Vom ersten Tag an haben Hirschs den Einsatz von Enzymen zur Farbausbeute ebenso verweigert, wie die Aufzuckerung des Mostes, Säurekorrekturen, Schönungen und Filtration. Ihre Weine gären auf den natürlich wilden Hefen in kleinen, der Parzellengröße angepaßten Gärtanks, in denen die Trauben von Hand untergetaucht werden können. Ausbau und Reifung erfolgen im Keller darunter in gebrauchten Barriques, in denen die Weine so lange auf der Hefe reifen, bis sie Füllreife signalisieren. In diesem Sinne beschließt Jasmine 2015 den Betrieb zu übernehmen, seit 2019 zeichnet sie für die Weinbereitung allein verantwortlich. In ihren Weinen zelebriert sie heute ein handwerkliches Niveau, das in seiner kommunikativen Transparenz so manchem Winzer Burgunds Vorbild sein sollte. 

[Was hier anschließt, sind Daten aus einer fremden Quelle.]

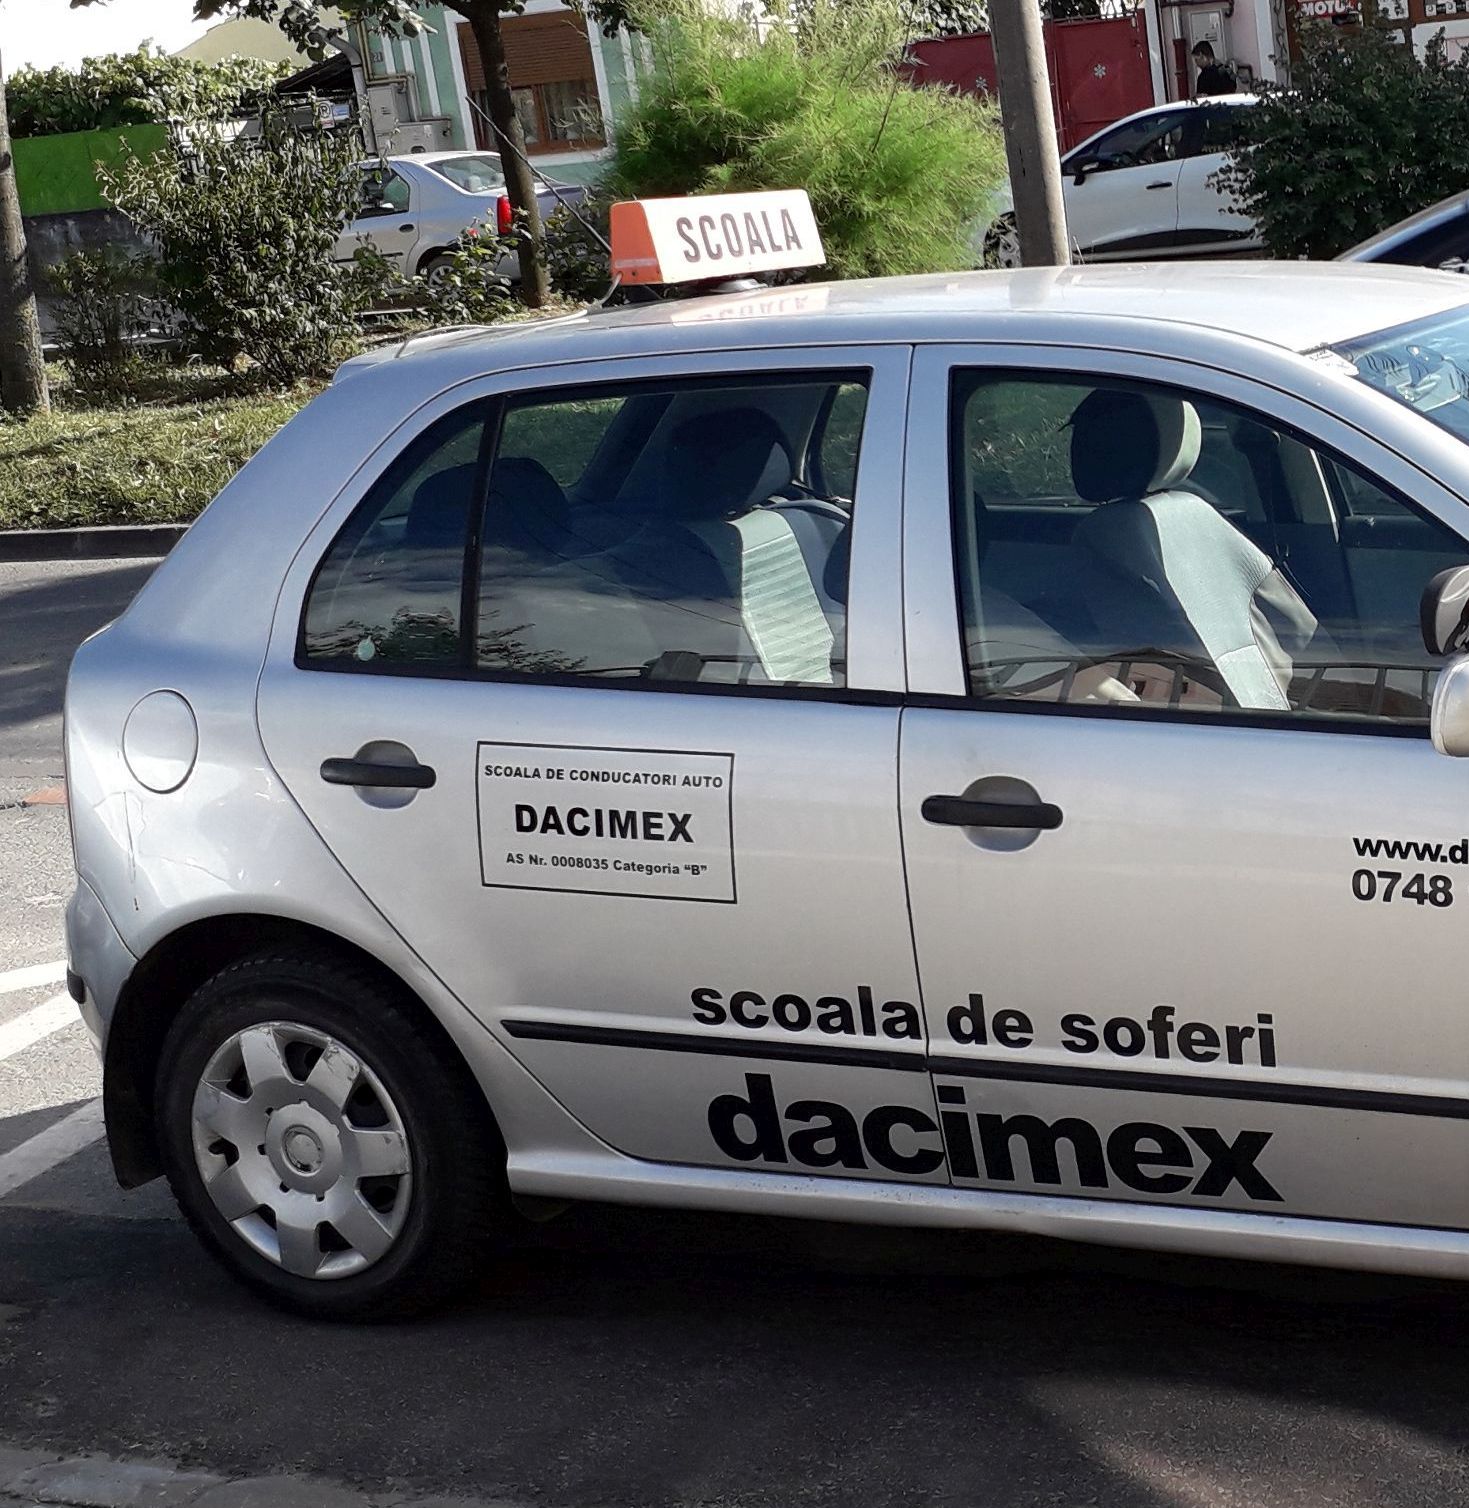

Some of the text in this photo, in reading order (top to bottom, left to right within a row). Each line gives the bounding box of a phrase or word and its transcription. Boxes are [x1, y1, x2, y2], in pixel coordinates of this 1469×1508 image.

»When they go high, we go low«

In Abwandlung des berühmten Spruchs von Michele Obama steht auf »Hirsch Vineyards« eine möglichst praktikable Weinbereitung im Vordergrund, die in ihrer Einfachheit konsequent auf den Weinbau draußen abgestimmt ist. Das Weingut besteht im Wesentlichen aus einer offenen Halle mit Wellblechdach ohne Wände, in der zahlreiche kleine, oben offene Gärbehälter stehen. Ihre Anzahl entspricht der Zahl der Parzellen, so daß jede einzelne hier separat gären und maximal individuell verarbeitet werden kann. Da Jasmine je nach Jahrgang bevorzugt »wholebunch« (also mit Stiel und Stängel) vergärt, also nicht abbeert, ist jeder Tank so dimensioniert, daß er von oben erreichbar ist, um die Maische von Hand untertauchen oder bewegen zu können. In der Kühlung vertraut sie der herbstlichen Natur, weil die Behälter so klein sind, daß sie sich während der Gärung kaum erwärmen. Die Behälter selbst lassen sich aber kühlen oder erwärmen, je nach Bedarf. Low-Tec statt High-Tec - weniger ist hier mehr.

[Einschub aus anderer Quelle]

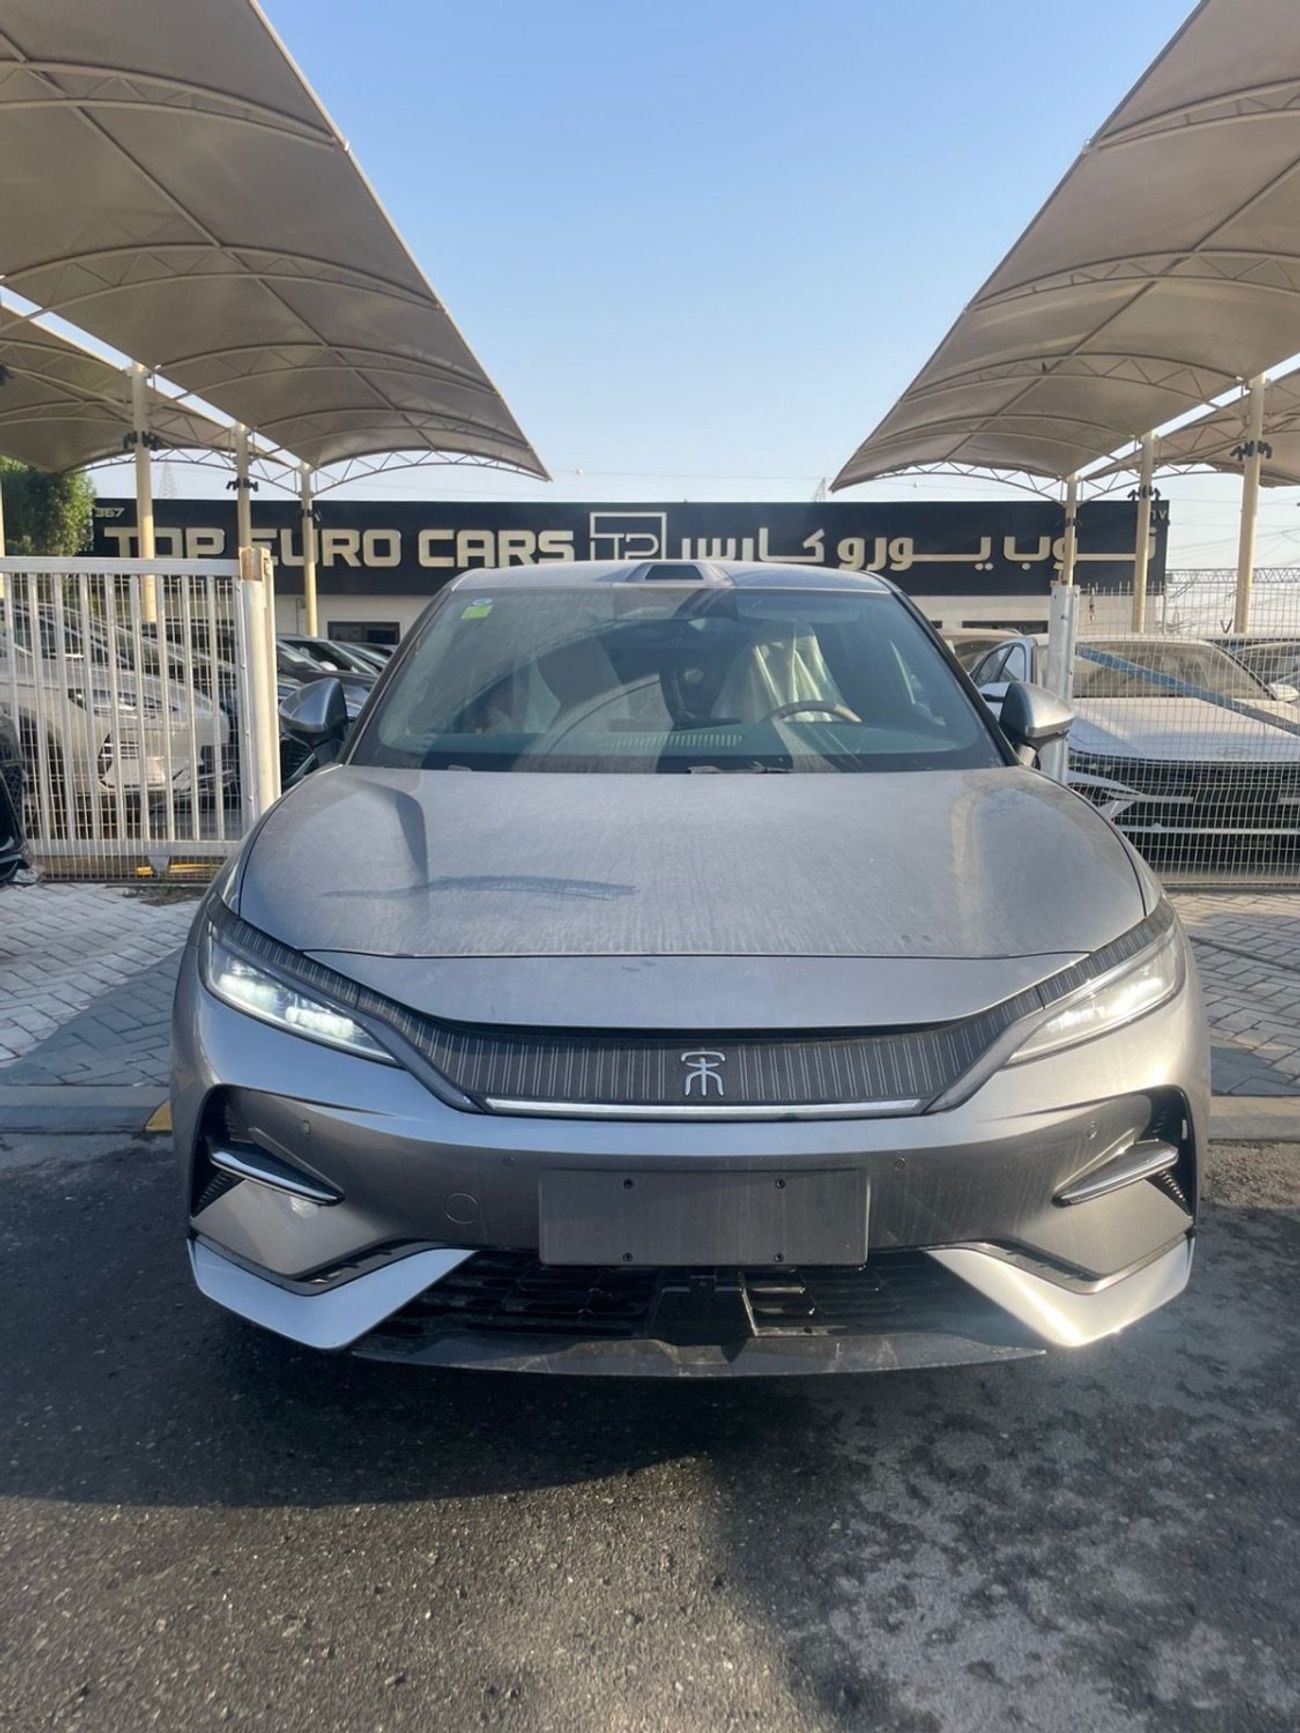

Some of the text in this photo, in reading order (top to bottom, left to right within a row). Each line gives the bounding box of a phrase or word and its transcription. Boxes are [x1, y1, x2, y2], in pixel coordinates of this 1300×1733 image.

[104, 527, 226, 559] TOP
[418, 529, 575, 567] CARS
[682, 527, 825, 562] كارس
[836, 536, 992, 571] يورو

Weil die Arbeit ganz auf die Qualität der Trauben ausgerichtet ist, muß hier nicht vermeintlicher »Fortschritt« richten, was die Natur nicht liefern konnte. Deshalb erfolgt die Weinbereitung auch rezeptfrei; es ist der Jahrgang, der entscheidet, wie die Trauben verarbeitet werden. Jede Lage soll sich maximal individuell präsentieren können. Hier herrscht souveräner Minimalismus, agiert profundes Können, für Weine ungeschminkter Expressivität und Natürlichkeit. Profundes Können statt lautem Marketing.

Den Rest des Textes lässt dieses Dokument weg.